By Micah Rensunberg, MDiv ’25
At Boston University’s School of Theology, a place lauded for its trauma-responsive chaplaincy and interfaith work, mads deshazo enrolled to earn her master’s of divinity for both of those elements to further inform the future she anticipated in serving others. She died in January of 2023, just after her first semester. The circumstances regarding this passing have been kept vague – without knowing the reason for this, it is possible, still, to talk about her experience at the school and the injustice in her not being here to do the work she was so eager to make a difference with.
It is worth considering that we do not have to know the exact nature of what happened with this fellow student to still take seriously the reality of her death and the ways this educational environment became life-limiting during the time she spent here. This student was not the first who has openly struggled with liminality at STH – having been promised a place of compassion by staff and current students in conversations before coming, only to encounter prejudice and outright callousness.
As someone who went through the first semester in the fall of 2022 alongside deshazo, I can attest to what was promised versus the lived reality of what seemed to be a satirical and constant misfiring by the school. From professors who had no language appropriately accounting for religious traditions outside of Christianity to deans who overloaded students with emotionally exhausting single-unit courses – with punitive attendance and an unwillingness to account for the broader diversity at the school beyond its methodist framework.
A curriculum review is not enough to account for these issues or to address the immediacy with which mental health concerns among the student body should be heard. Second and third years spoke constantly about how awful the first couple of semesters were for their ability to function on the day-to-day – coupled for many with the integration of brand new ways of thinking and a sort of fear around asking questions that might push the envelope too much.
When I was obtaining my undergraduate degree, I navigated these realities at a small, nazarene university that was at least open – in its student handbook – about who would be discriminated against, should they end up going to school there. I wrote about how even this vague and passive non-acceptance is dangerous and was weary of that reality also being true at a methodist institution. Assured by alumni and currently affiliated individuals that this would not be the case here, I enrolled – additionally reassured by the trauma-responsive congregation work I was familiar with BU doing alongside churches across the United States.
Does it suffice to say I was wrong? It is the response I have received from those who I choose to share the complexities of these experiences with. Instead of holding the difficult nature of this situation in ways that might call someone to act in solidarity with me – or others who are struggling here – I am told that I should have known or that I should participate in the upcoming curriculum review to help things improve over time. This is the same as what was told to my friend, mads. Those practically identical reductions or denials were given to the students who dropped out of our mandatory first semester courses in waves – as folks who were promised a different reality than the one they received felt overwhelmed and alone.

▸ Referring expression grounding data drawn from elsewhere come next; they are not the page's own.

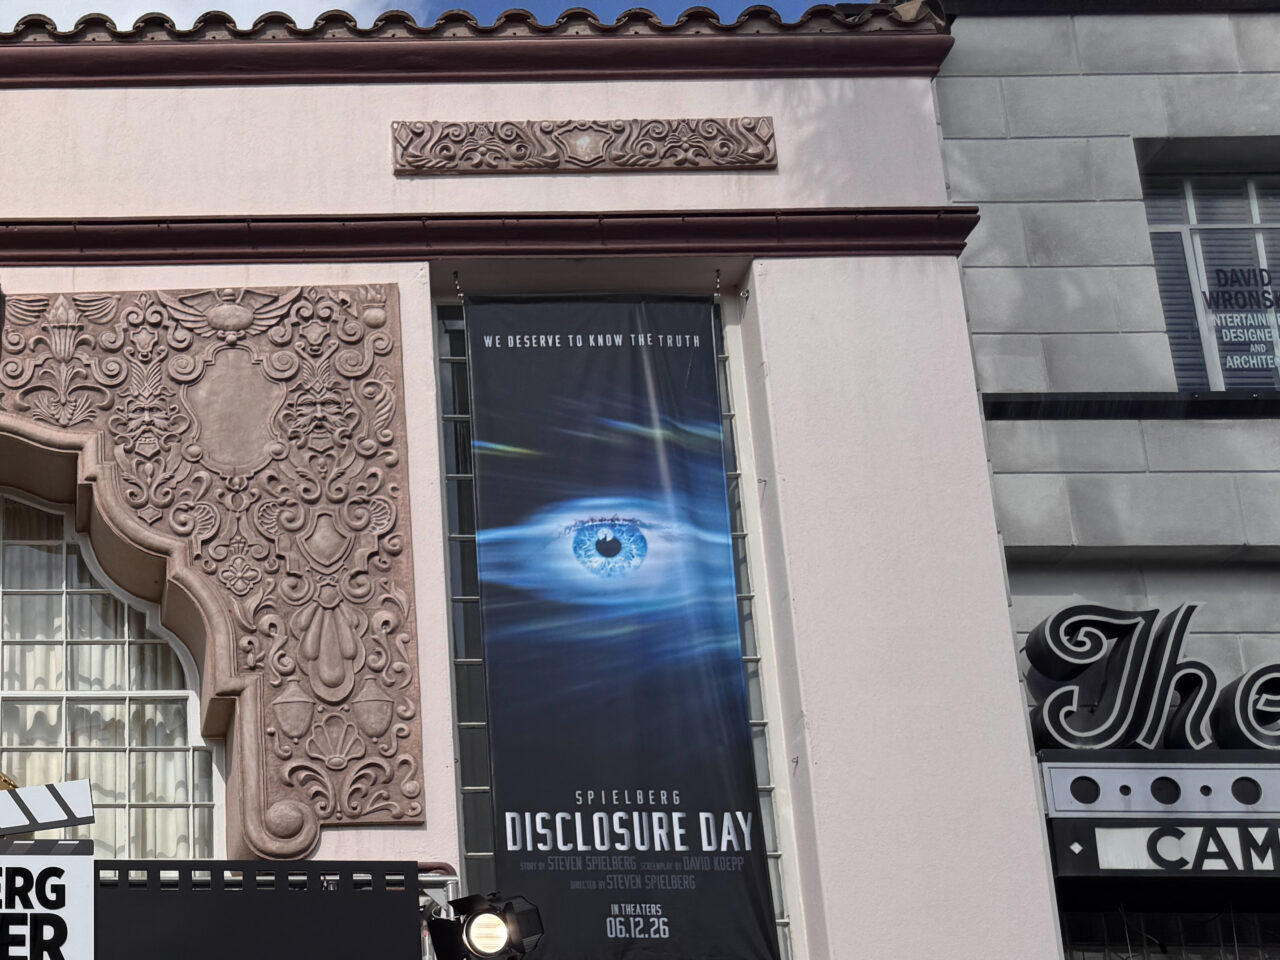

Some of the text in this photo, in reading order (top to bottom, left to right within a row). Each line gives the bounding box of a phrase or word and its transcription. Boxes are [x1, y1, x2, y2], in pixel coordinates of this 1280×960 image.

[1215, 268, 1272, 287] DAVID
[483, 333, 700, 348] WE DESERVE TO KNOW THE TRUTH
[1249, 344, 1266, 353] AND
[1038, 601, 1280, 750] The
[575, 790, 680, 806] SPIELBERG
[505, 811, 753, 852] DISCLOSURE DAY
[1146, 826, 1280, 871] CAM
[547, 856, 582, 870] STEVEN
[585, 856, 637, 870] SPIELBERG
[683, 856, 710, 871] DAVID
[713, 856, 744, 872] KOEPP
[606, 874, 642, 889] STEVEN
[644, 874, 696, 889] SPIELBERG
[610, 904, 662, 916] IN THEATERS
[606, 917, 669, 938] 06.12.26
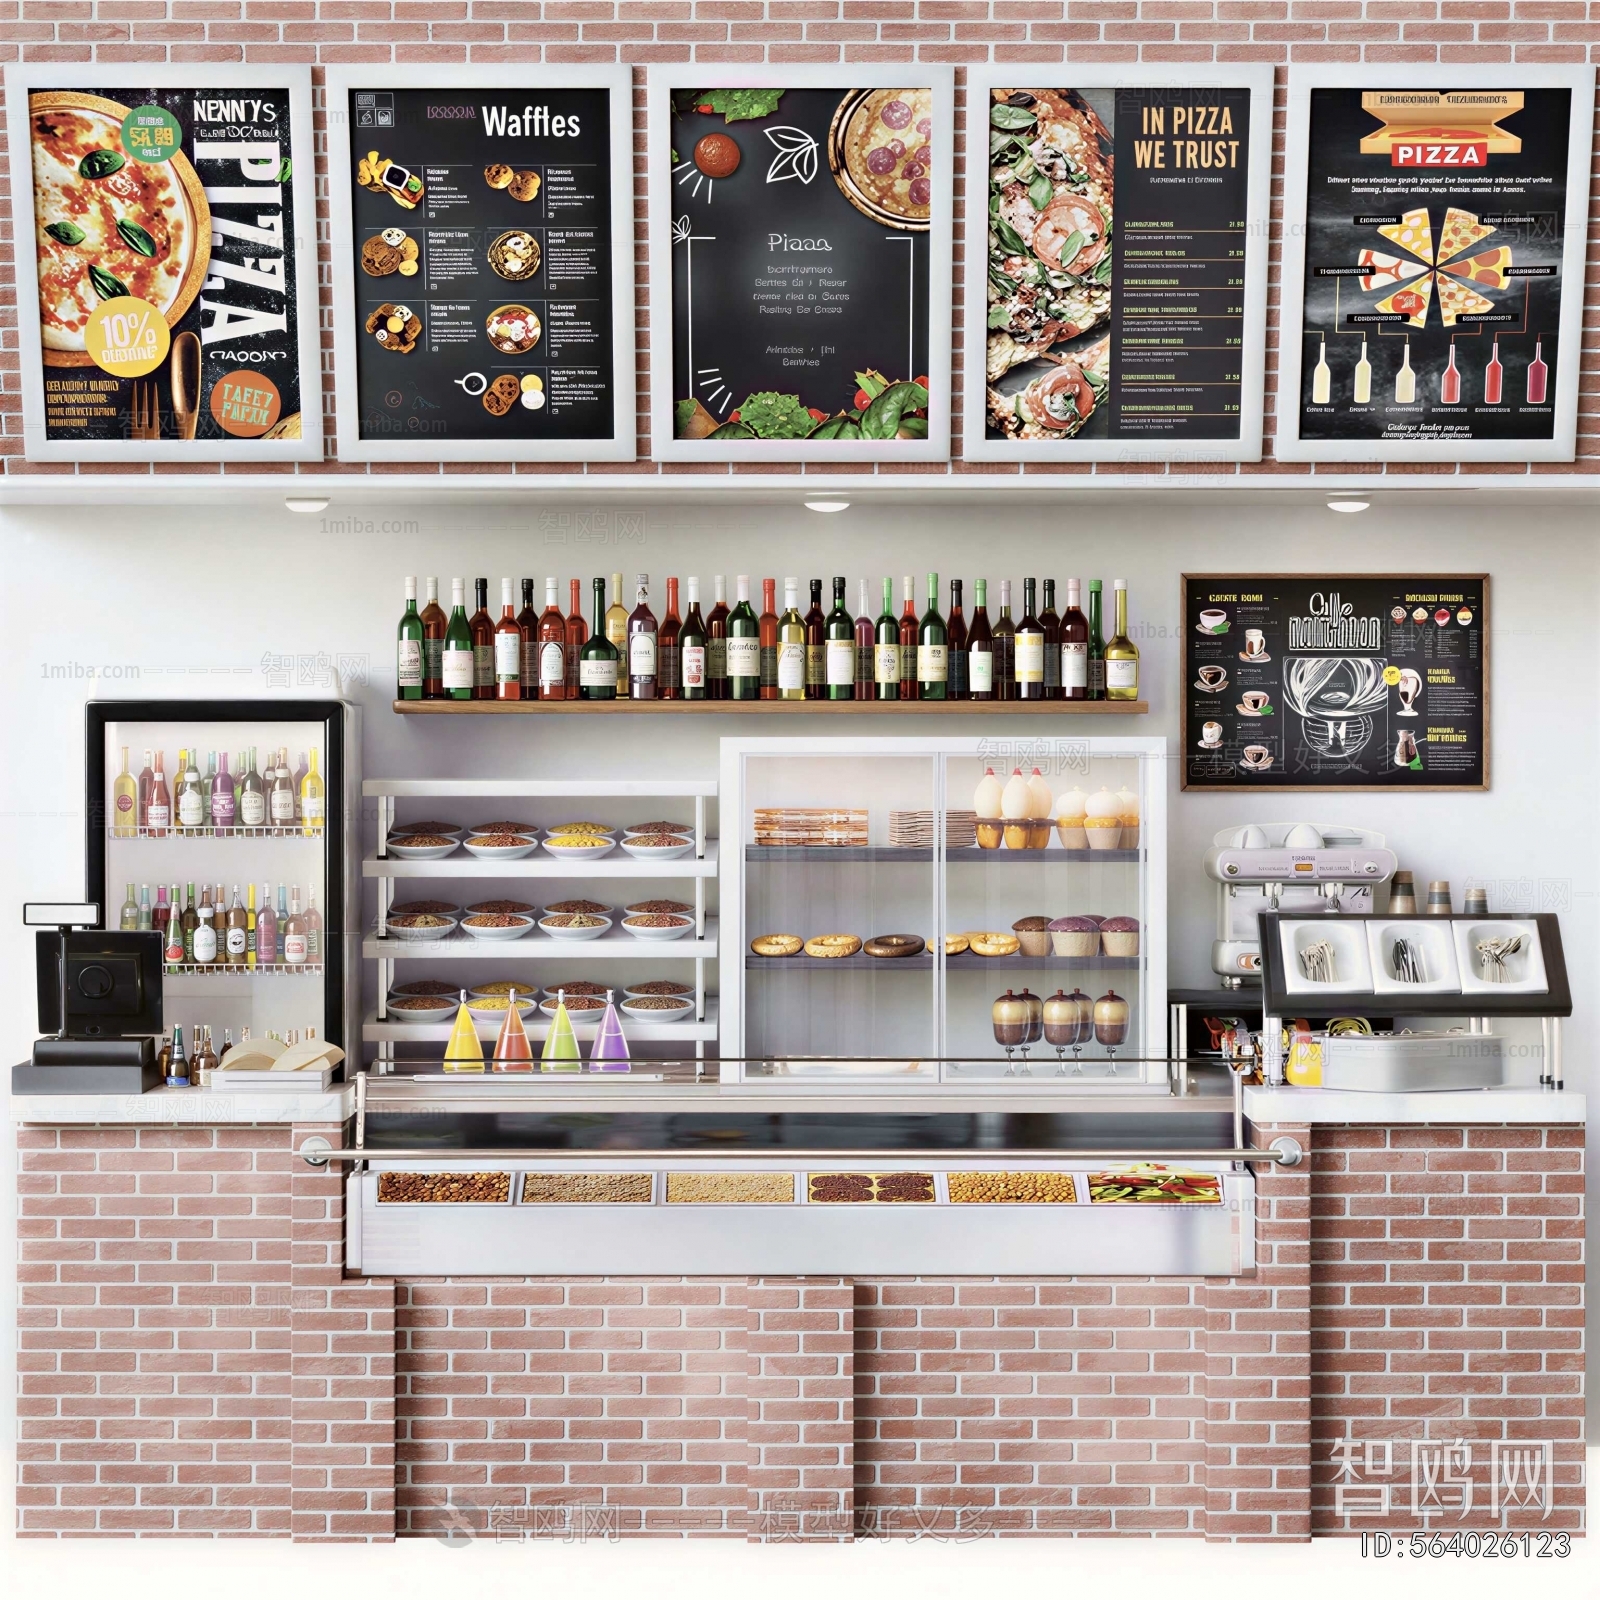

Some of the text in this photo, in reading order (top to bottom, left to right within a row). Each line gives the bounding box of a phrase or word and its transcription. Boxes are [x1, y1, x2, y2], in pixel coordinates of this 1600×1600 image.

[482, 105, 581, 137] Waffles
[1143, 107, 1233, 135] IN PIZZA
[1134, 140, 1240, 169] WE TRUST
[1398, 146, 1480, 164] PIZZA
[194, 138, 288, 346] PIZZA
[100, 311, 156, 350] 10%

This death should not become a symbol of the change that needs to be made, but remembering and pursuing justice for mads means taking stock of the world we inhabit at STH and committing to doing better – not just by way of thought experiments or long-term planning but by being there for those who are being othered everyday.

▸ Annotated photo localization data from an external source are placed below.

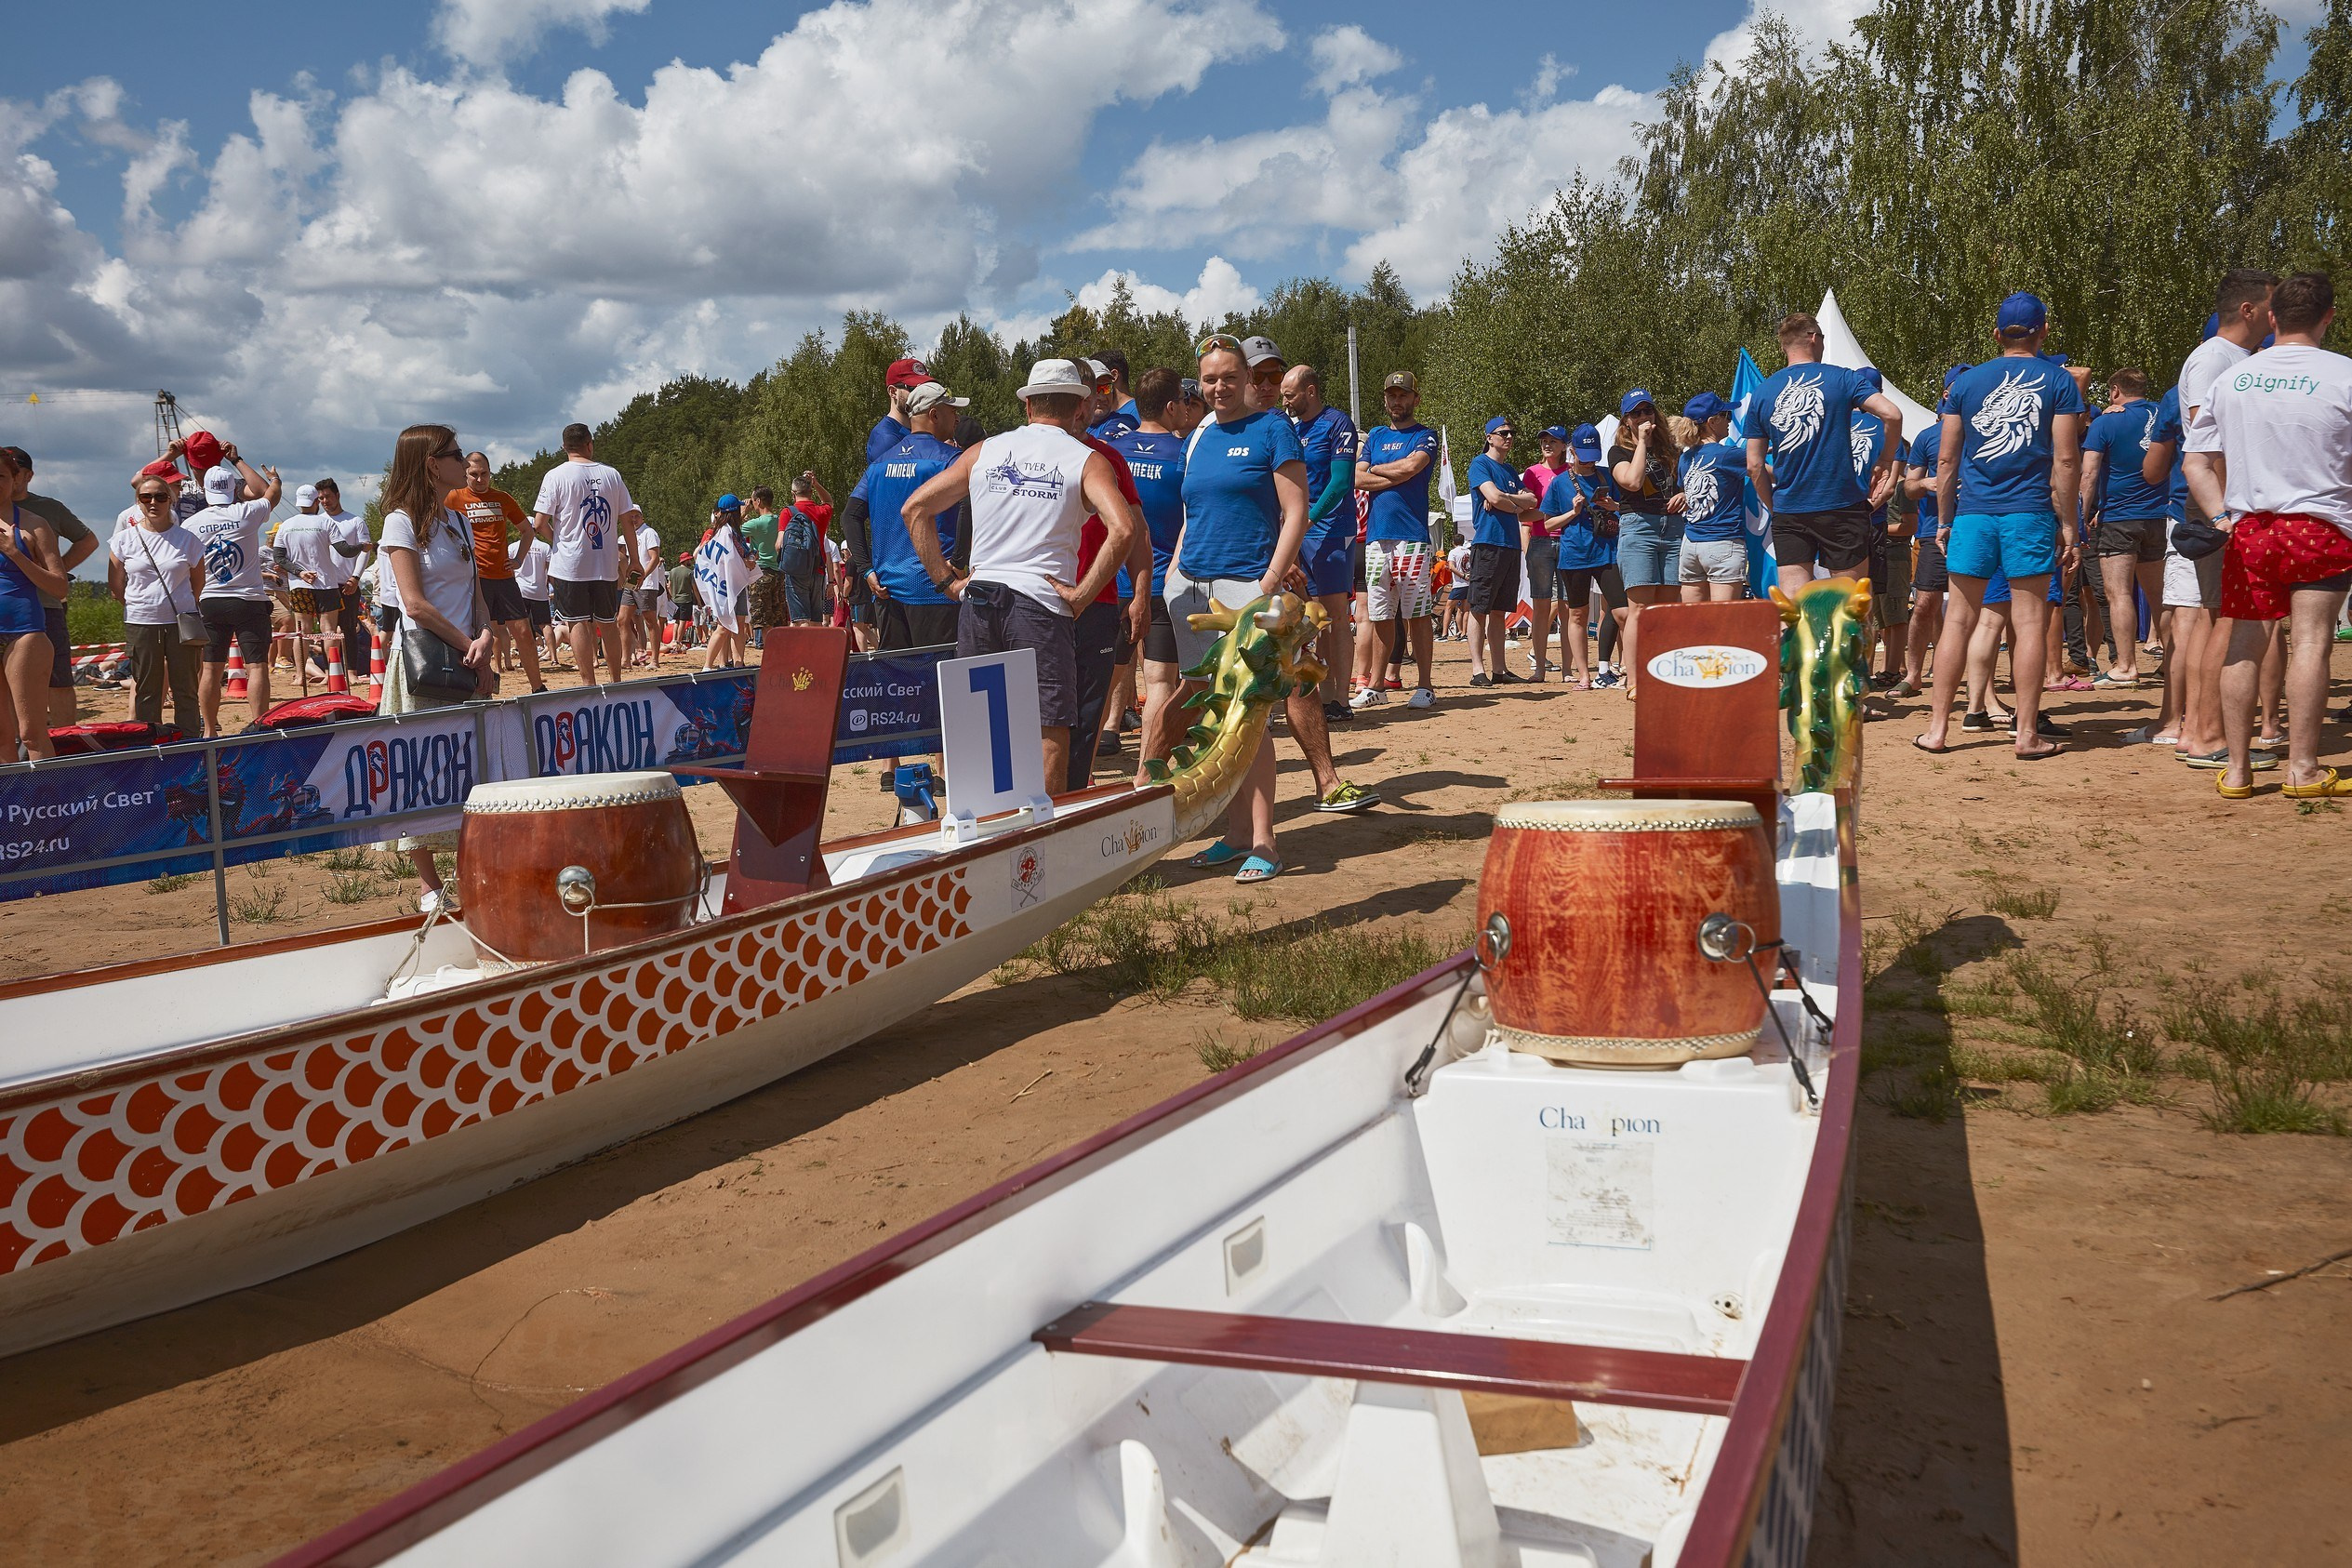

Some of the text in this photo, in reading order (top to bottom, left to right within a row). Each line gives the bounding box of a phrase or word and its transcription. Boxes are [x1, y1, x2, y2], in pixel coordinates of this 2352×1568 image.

[1227, 446, 1250, 457] SDS
[885, 462, 918, 479] ЛИПЕЦК
[1024, 462, 1046, 472] TVER
[1127, 461, 1163, 480] ИПЕЦК
[1012, 488, 1058, 500] STORM
[464, 501, 502, 510] UNDER
[199, 520, 241, 534] СПРИНТ
[1655, 657, 1757, 680] Chapion
[843, 683, 883, 698] сский
[870, 711, 921, 725] RS24.ru
[968, 662, 1014, 794] 1
[534, 699, 657, 777] ДРАКОН
[343, 730, 474, 818] ДРАКОН
[7, 794, 98, 826] Русский
[1101, 822, 1158, 857] Chapion
[1539, 1105, 1661, 1137] Chapion

I eulogized my friend less than a week after finding out that she died – both at an already planned interfaith service in the chapel and at the weekly community lunch. Professors, staff, and students stared back at me, nodding when I expressed my profound grief and growing still when I suggested that the institution we exist inside of has the power to end lives. As much as possible, I am trying to demonstrate the dire cost of ignoring our responsibility to each other and hoping that we are moved to do something with our time here that involves showing up compassionately, instead of acting as if our words don’t have the capacity to end lives.
About The Author
Micah Rensunberg has a background in communications and experience in facilitating queer affirming spaces. His undergraduate degree is in psychology, and he was a Sergeant in the U.S. Army before seeking an inactive contract as a Conscientious Objector. Currently, he is living and working in an intentional living community run by Quakers while in the process of converting to Judaism.